--- SUPPLIED RECORDS Enclosed Below ---

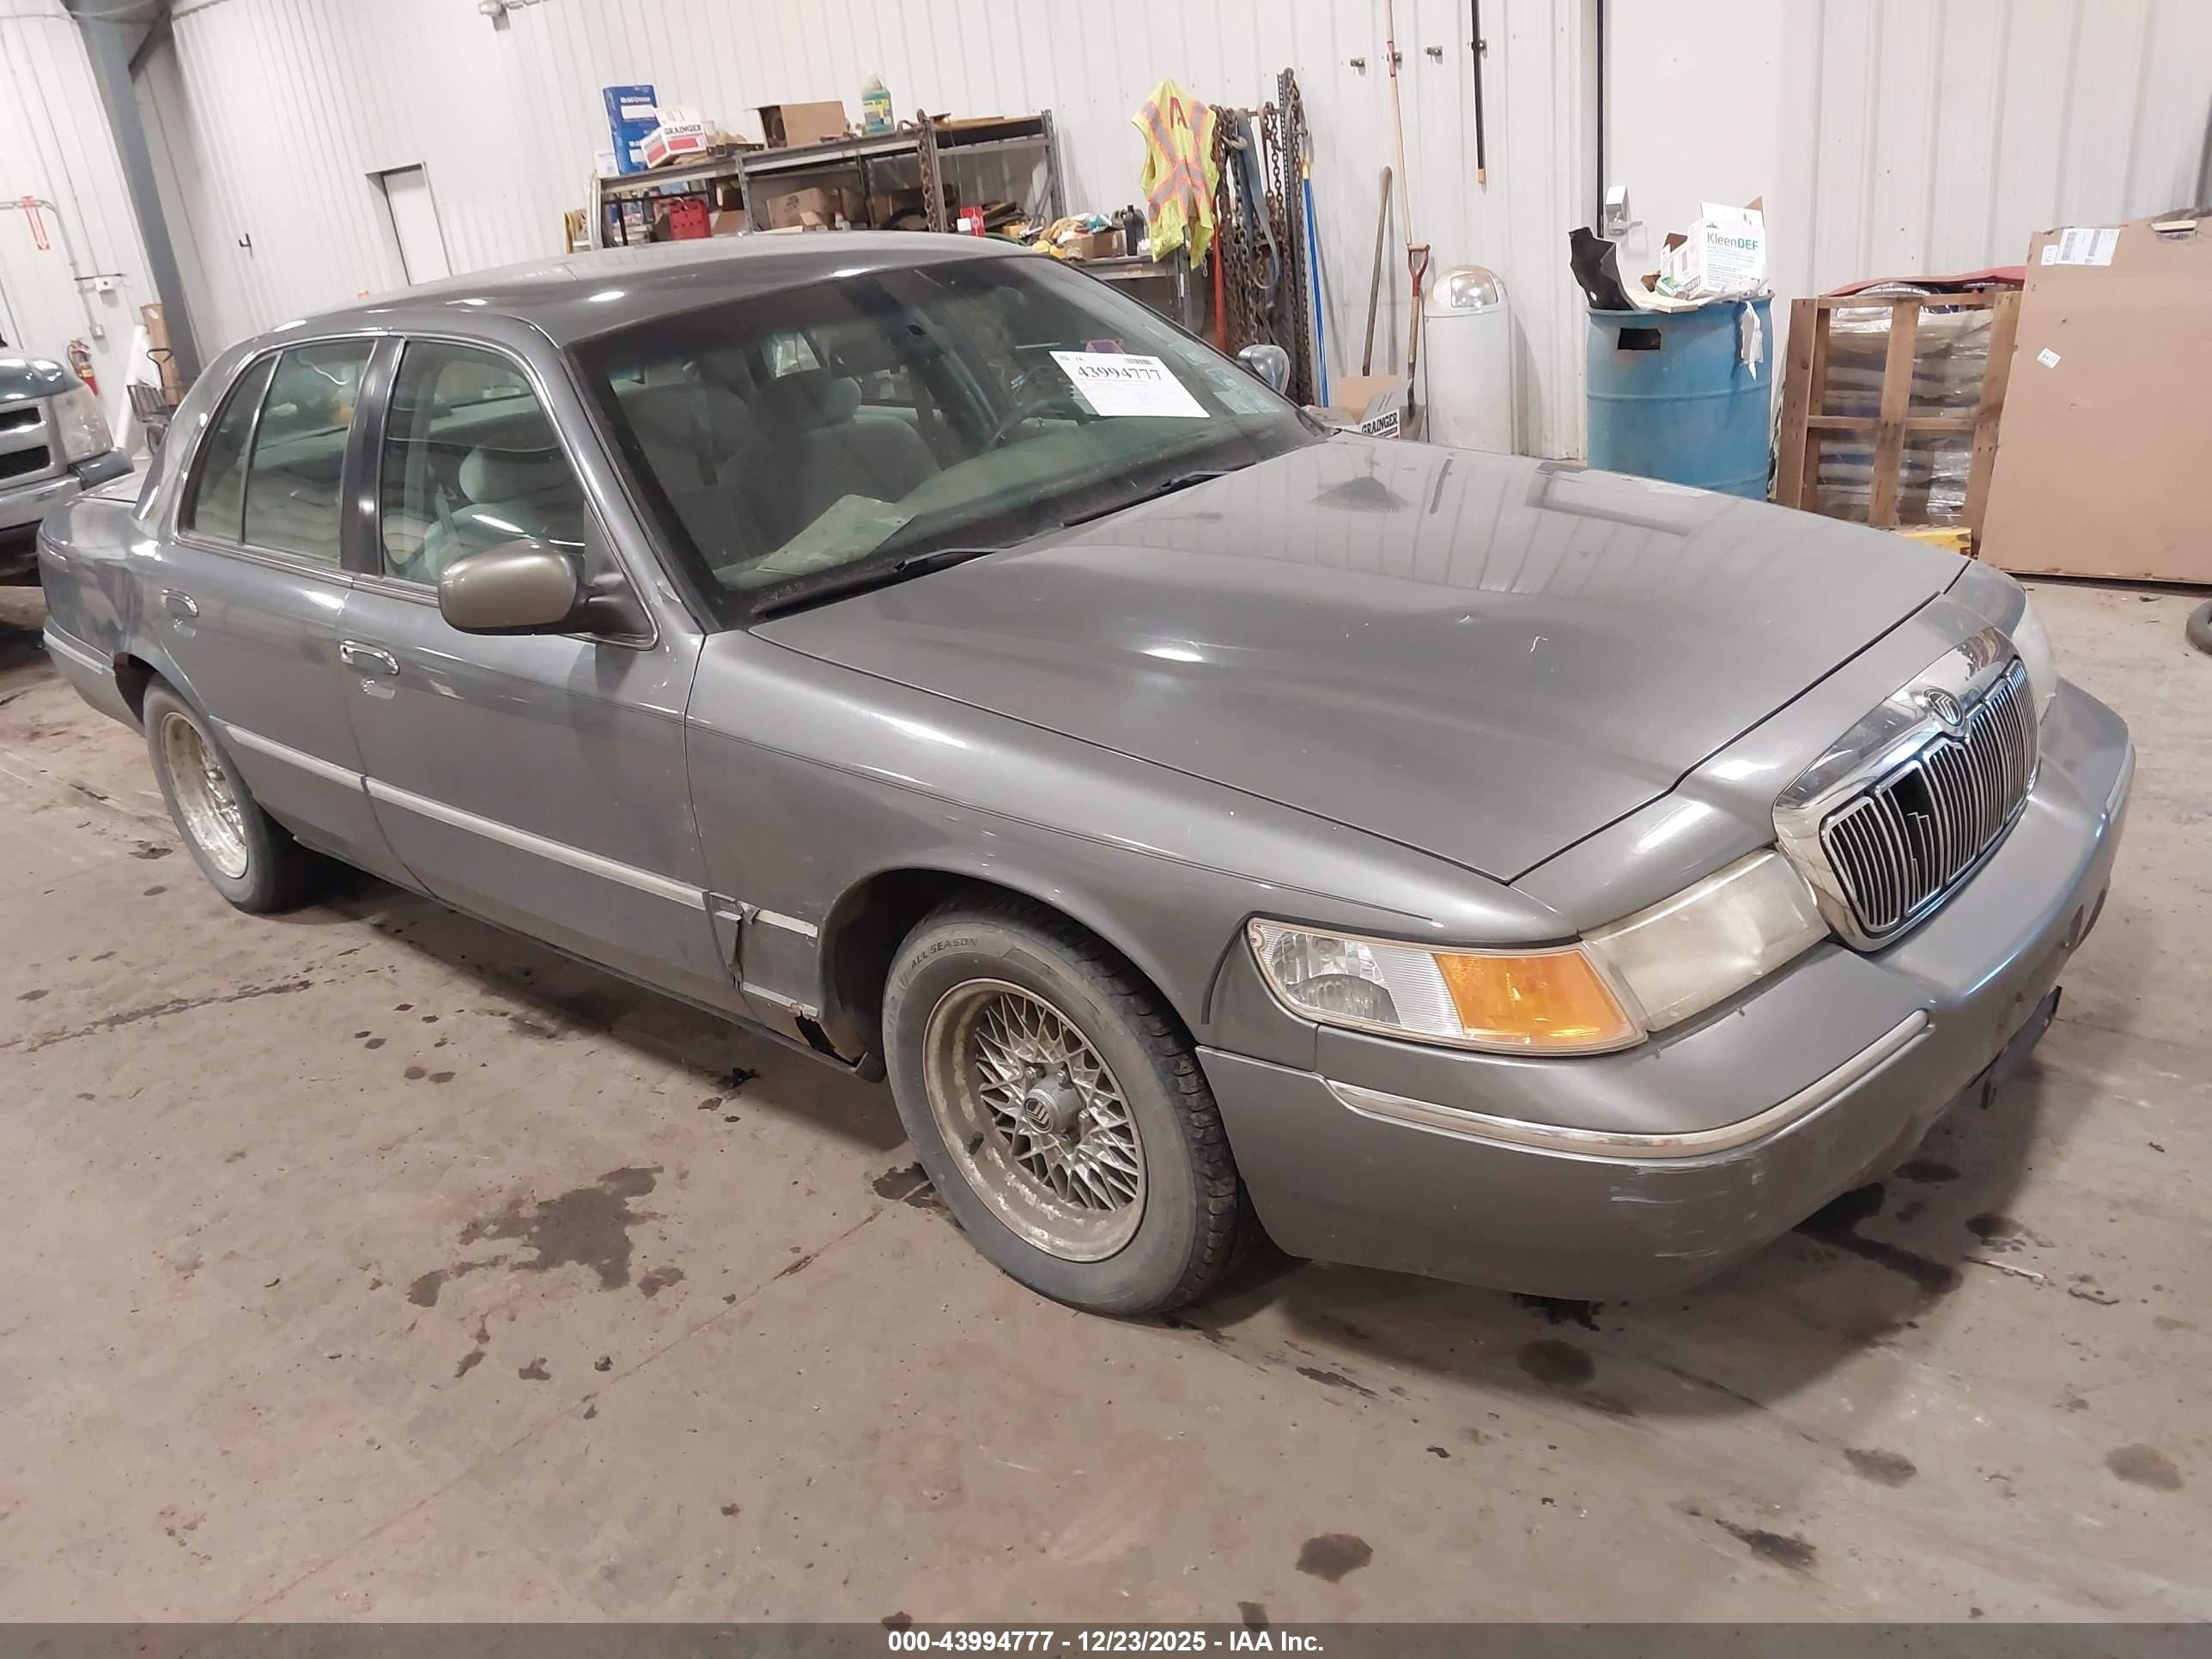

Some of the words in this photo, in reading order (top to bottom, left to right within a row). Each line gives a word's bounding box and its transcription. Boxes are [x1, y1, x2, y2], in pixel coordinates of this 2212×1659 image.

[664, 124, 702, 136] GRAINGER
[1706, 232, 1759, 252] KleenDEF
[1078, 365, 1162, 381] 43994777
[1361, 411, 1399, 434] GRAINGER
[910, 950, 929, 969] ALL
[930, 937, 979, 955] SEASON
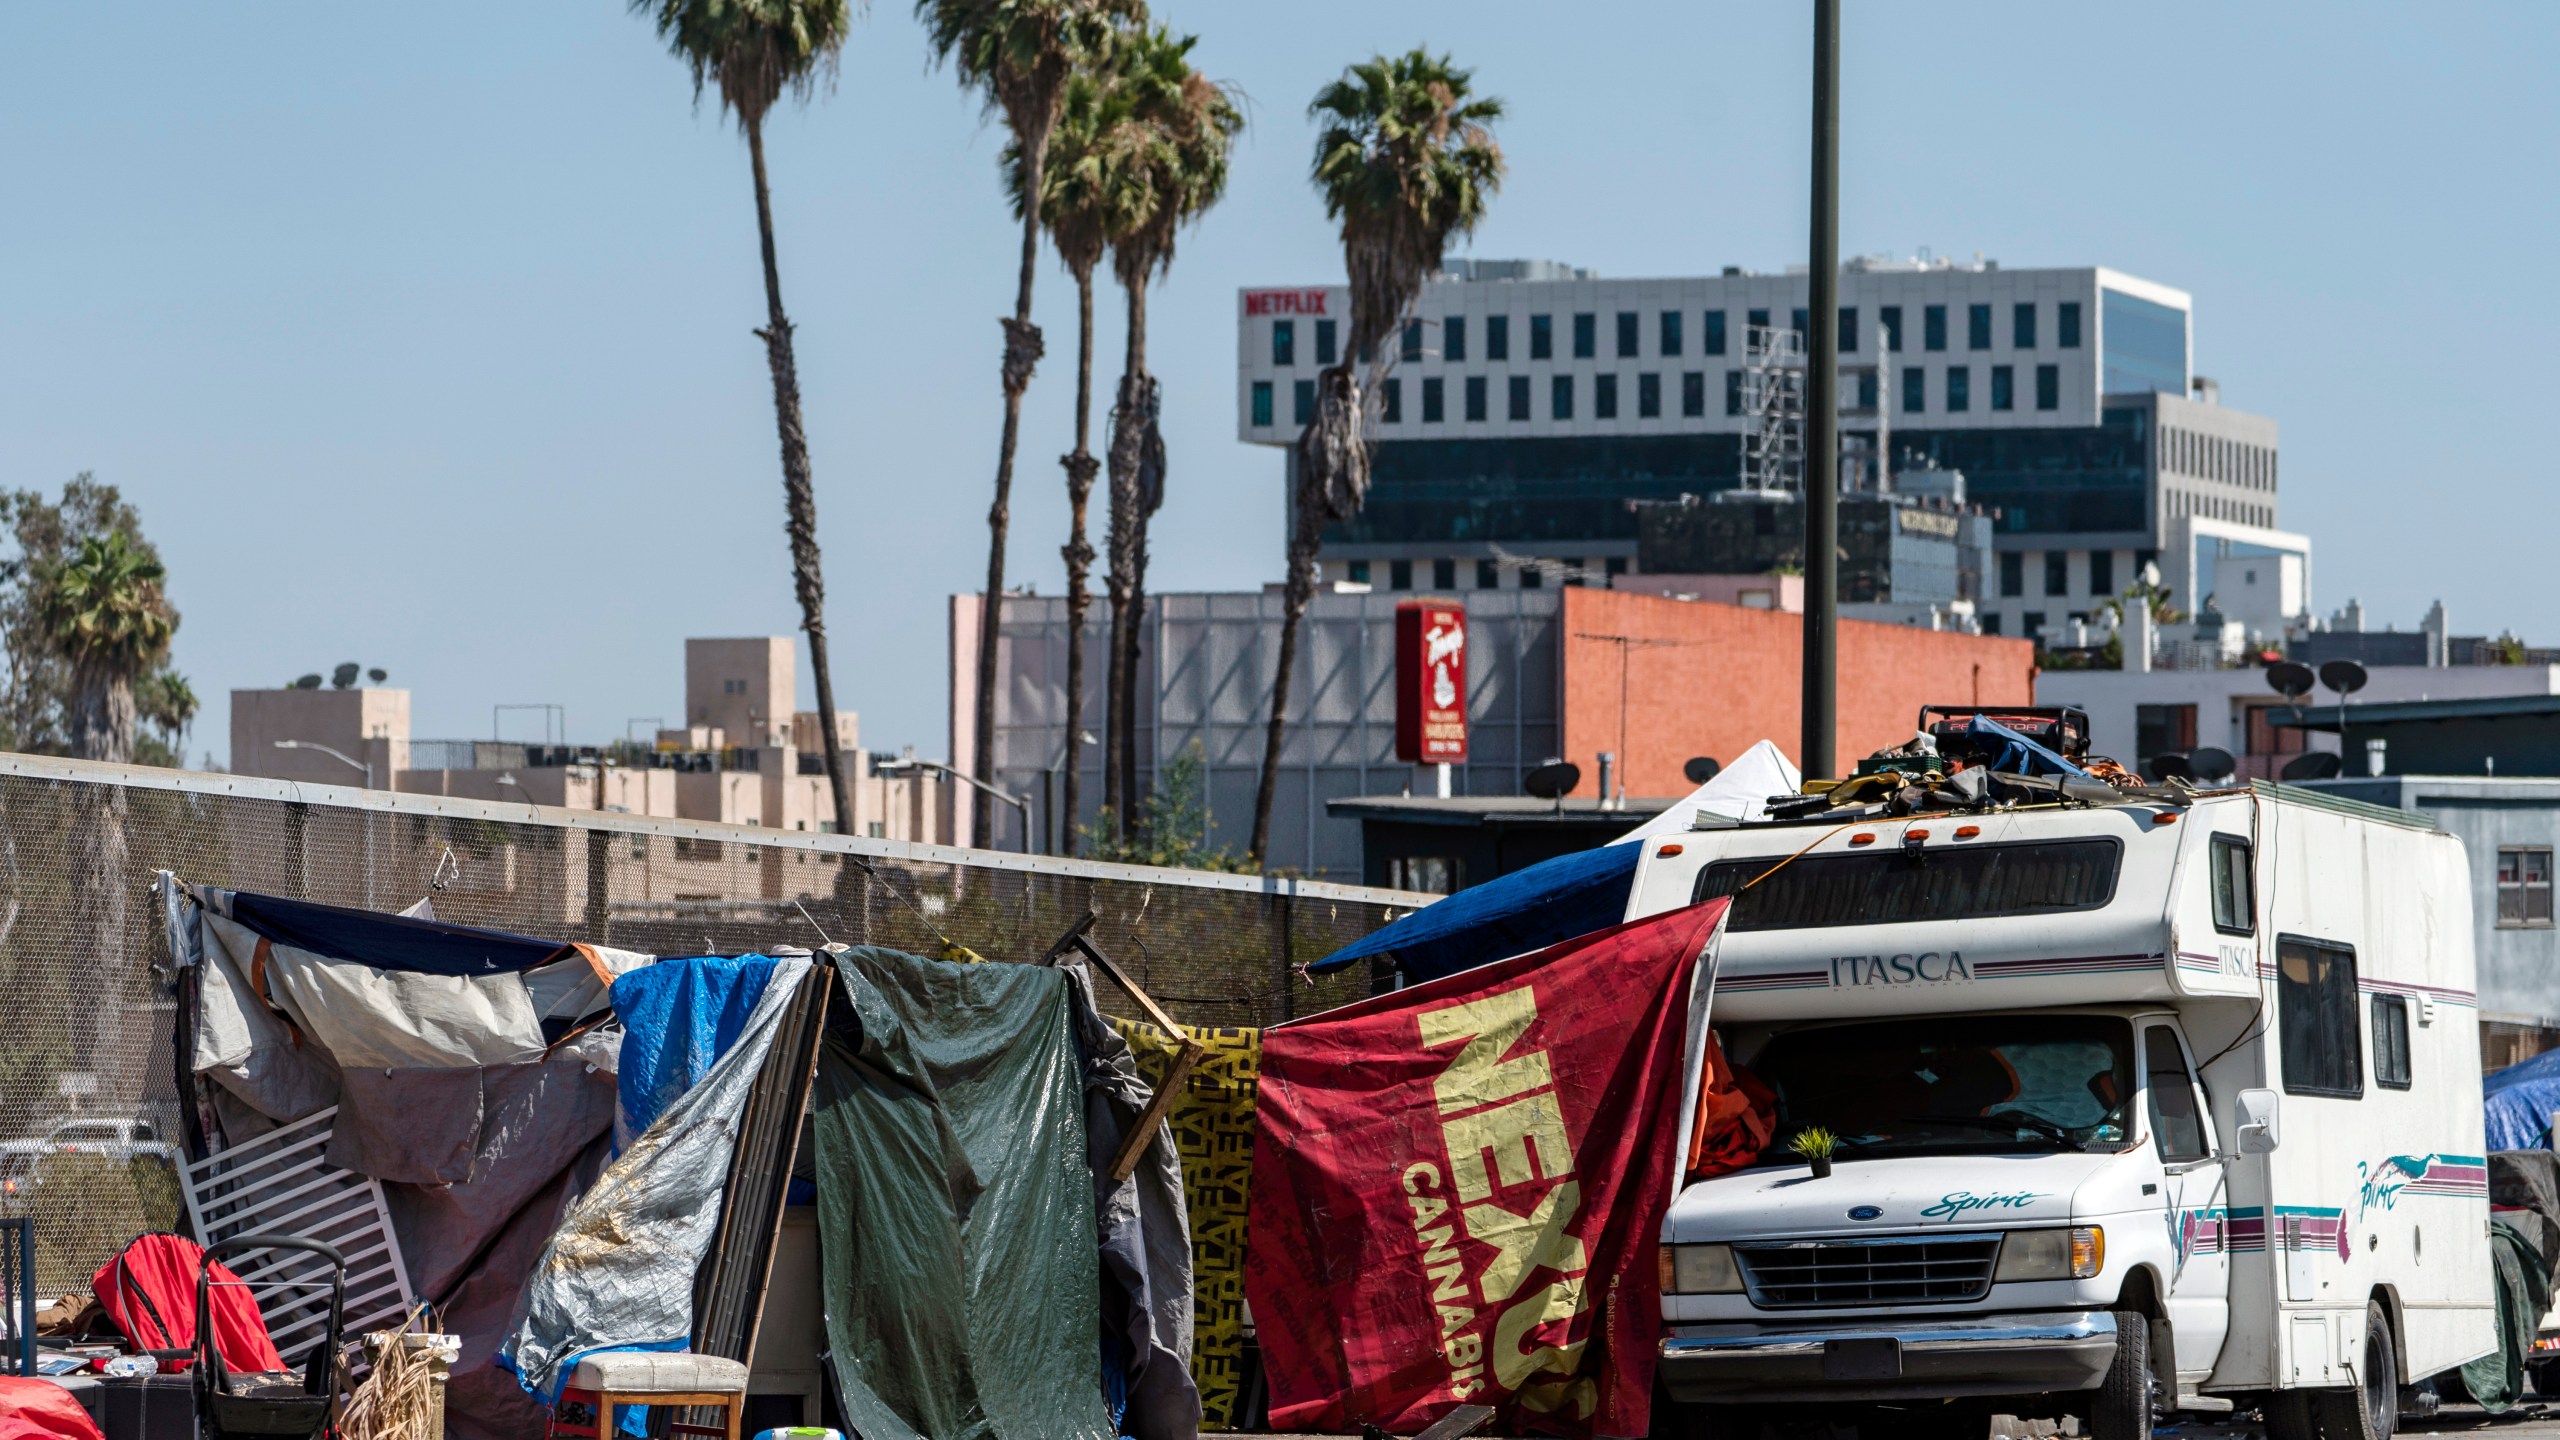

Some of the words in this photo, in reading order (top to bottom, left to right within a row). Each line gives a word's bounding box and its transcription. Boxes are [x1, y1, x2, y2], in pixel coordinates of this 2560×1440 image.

--- End of Enclosed SUPPLIED RECORDS ---

Copy every record exactly as it appears, apart from any pictures.

Some of the words in this photo, in reading order (top to bottom, left to right within a row). Each line gives a word's bounding box and its transcription. Boxes are [x1, y1, x2, y2], in pixel coordinates of this 2212×1659 image.

[664, 124, 702, 136] GRAINGER
[1706, 232, 1759, 252] KleenDEF
[1078, 365, 1162, 381] 43994777
[1361, 411, 1399, 434] GRAINGER
[910, 950, 929, 969] ALL
[930, 937, 979, 955] SEASON

Some of the words in this photo, in reading order (top to bottom, left to right within a row). Each line gives a word's bounding box and its transcription. Boxes are [x1, y1, x2, y2], in pixel coordinates of this 2560×1440 image.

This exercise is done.